Ob die Motorrad-Reifen ausreichend Kontakt zur Fahrbahn haben, ist unter anderem eine Frage der Profiltiefe. Foto: Frank Rumpenhorst/dpa-tmn
Ob die Motorrad-Reifen ausreichend Kontakt zur Fahrbahn haben, ist unter anderem eine Frage der Profiltiefe. Foto: Frank Rumpenhorst/dpa-tmn

Stuttgart (dpa/tmn) - Biker sollten stets mit mehr als den gesetzlich vorgeschriebenen 1,6 Millimeter Restprofil fahren. Das gilt vor allem für den Hinterreifen, rät Dekra. Allgemeine Aussagen dazu, wie viel mehr als das Mindestprofil es sein sollte, seien aber schwierig.

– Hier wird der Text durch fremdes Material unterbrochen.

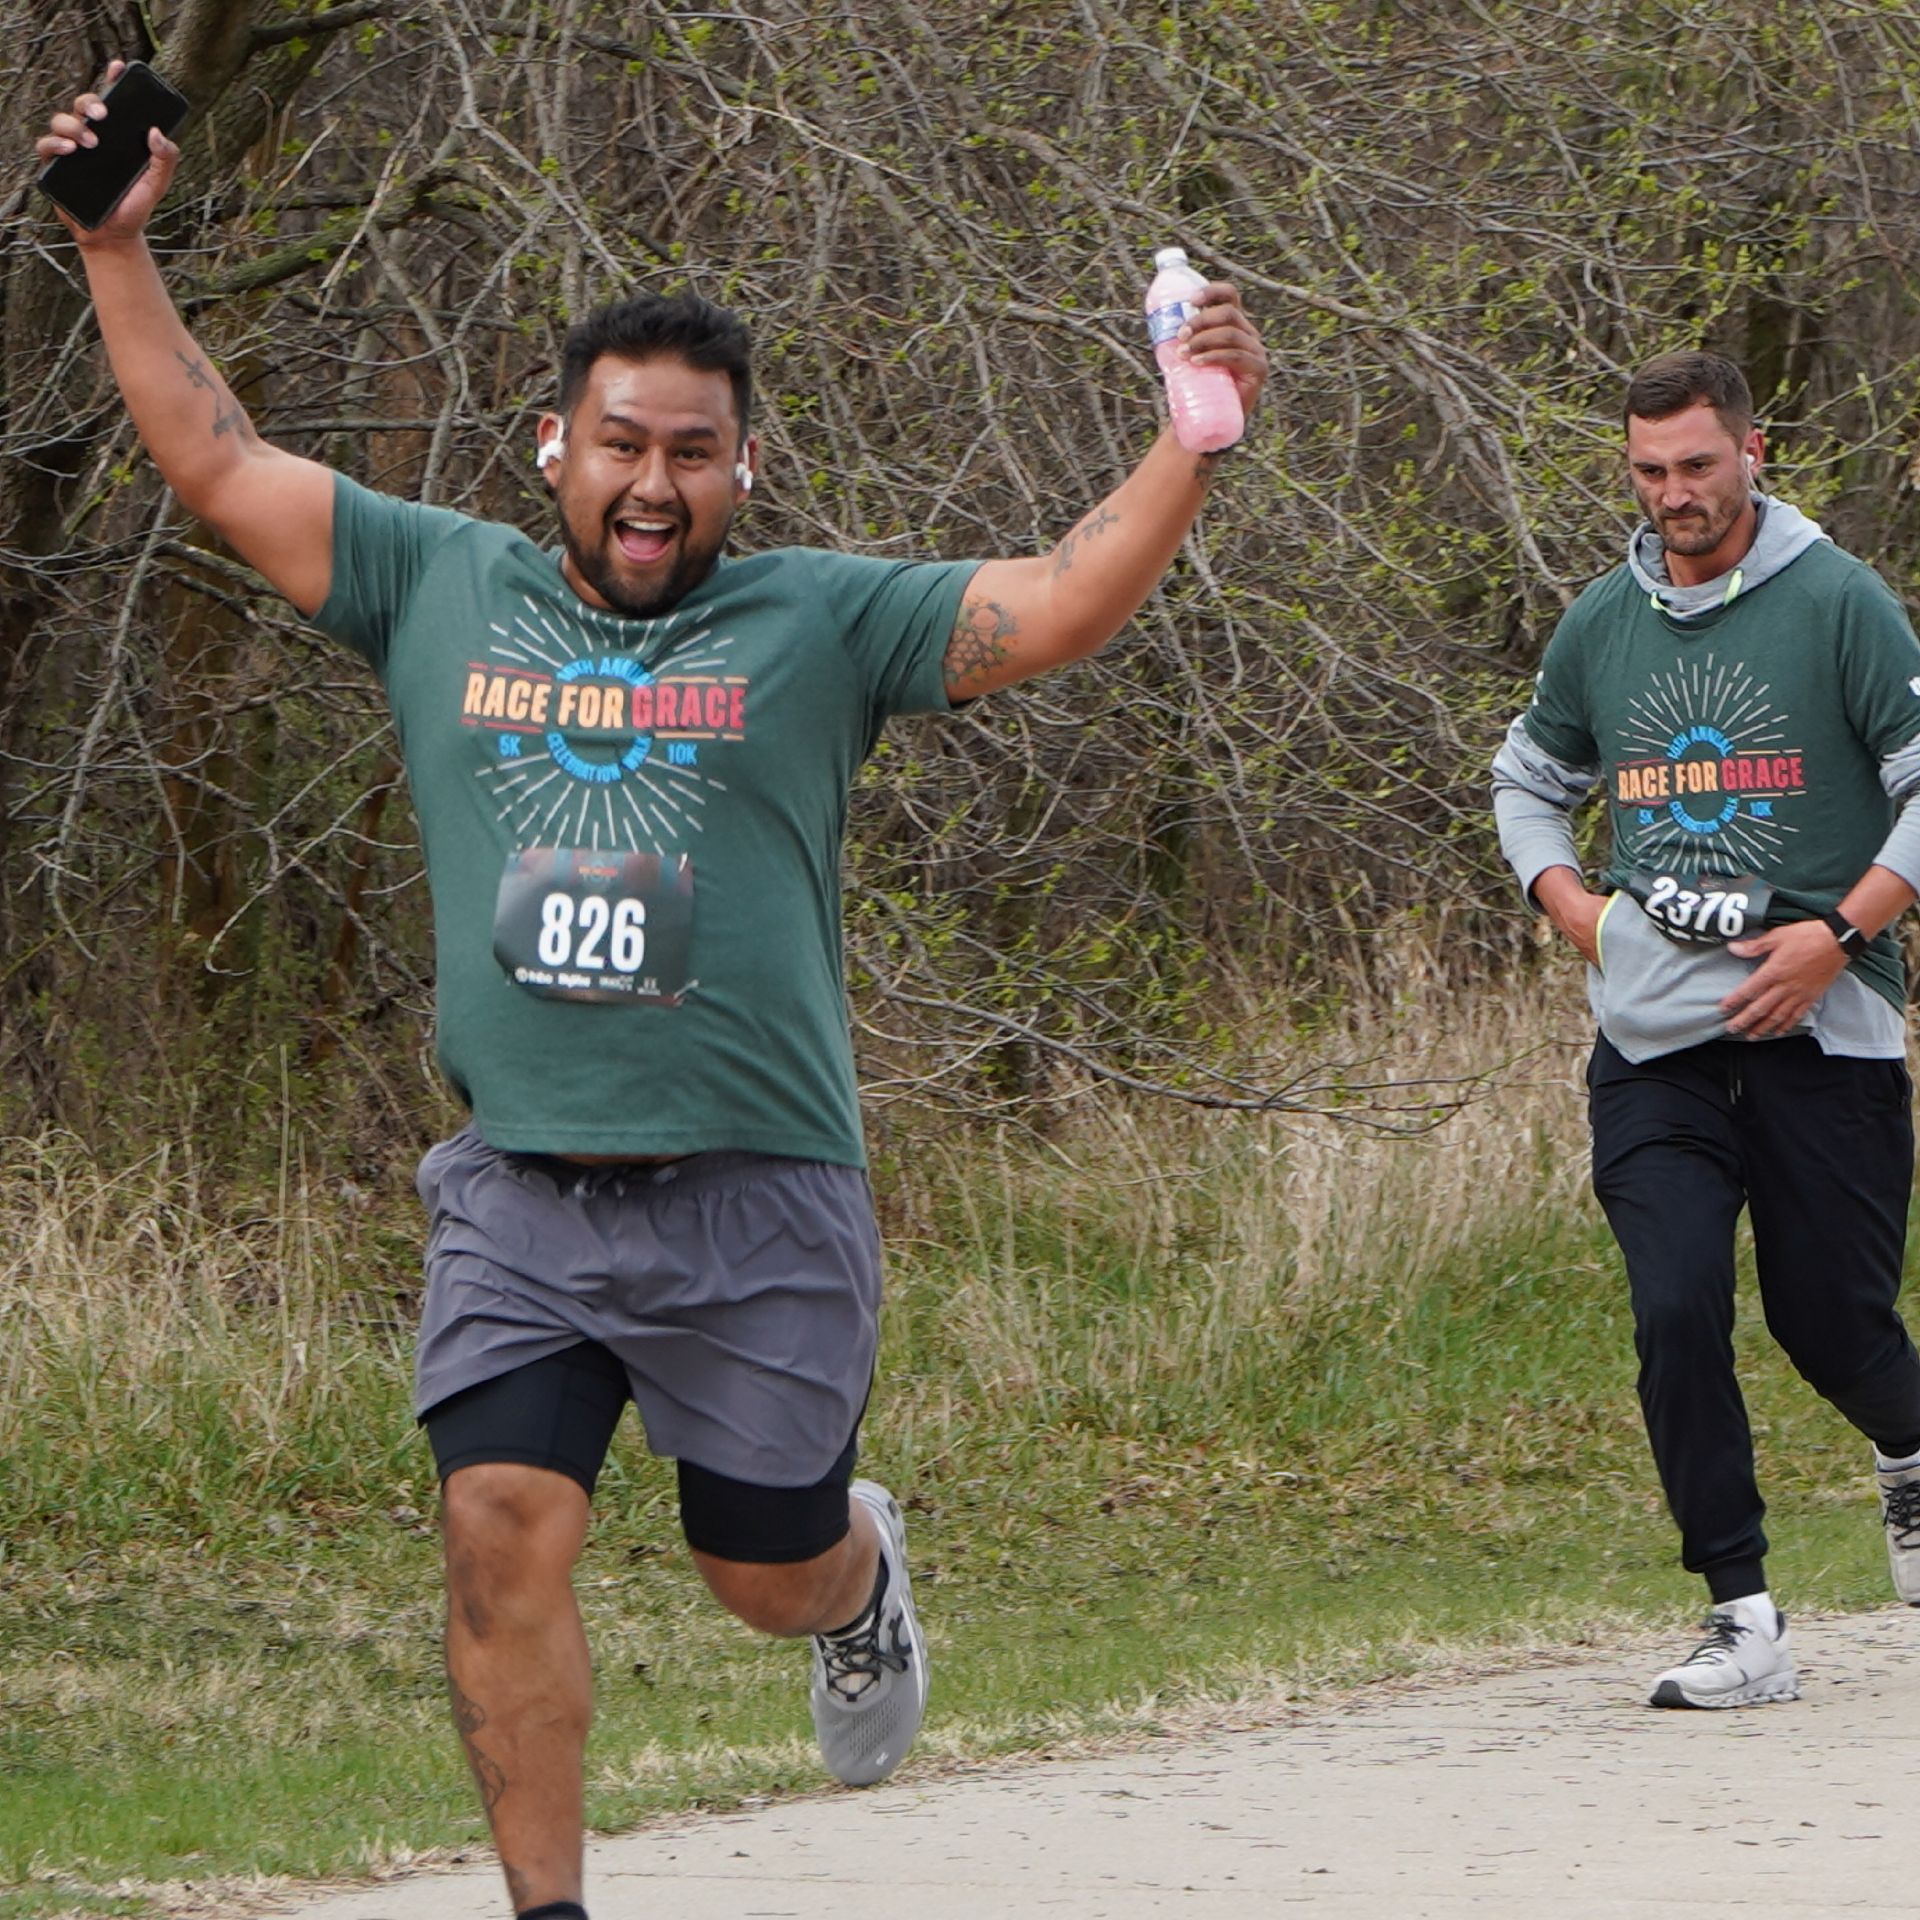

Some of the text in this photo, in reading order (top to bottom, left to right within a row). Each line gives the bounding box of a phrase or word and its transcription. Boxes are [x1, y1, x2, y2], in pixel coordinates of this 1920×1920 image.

Denn einerseits weisen unterschiedliche Reifentypen von Haus aus ganz verschiedene Profiltiefen auf - etwa grobstollige Modelle an Geländemaschinen. Und andererseits fahren sich Reifen am Motorrad anders ab als beim Auto, nämlich meist in der Mitte. Dort sollte das Profil auch gemessen werden.

Allerspätestens sind neue Reifen fällig, wenn die alten in der Mitte kaum mehr als 1,6 Millimeter aufweisen. Wer sich mit seinen Reifen so gerade über dem gesetzlichen Minimum bewegt, erhöht nicht nur die Gefahr deutlich. Je nach Fahrleistung kann dann aus gerade noch legal ganz schnell illegal werden.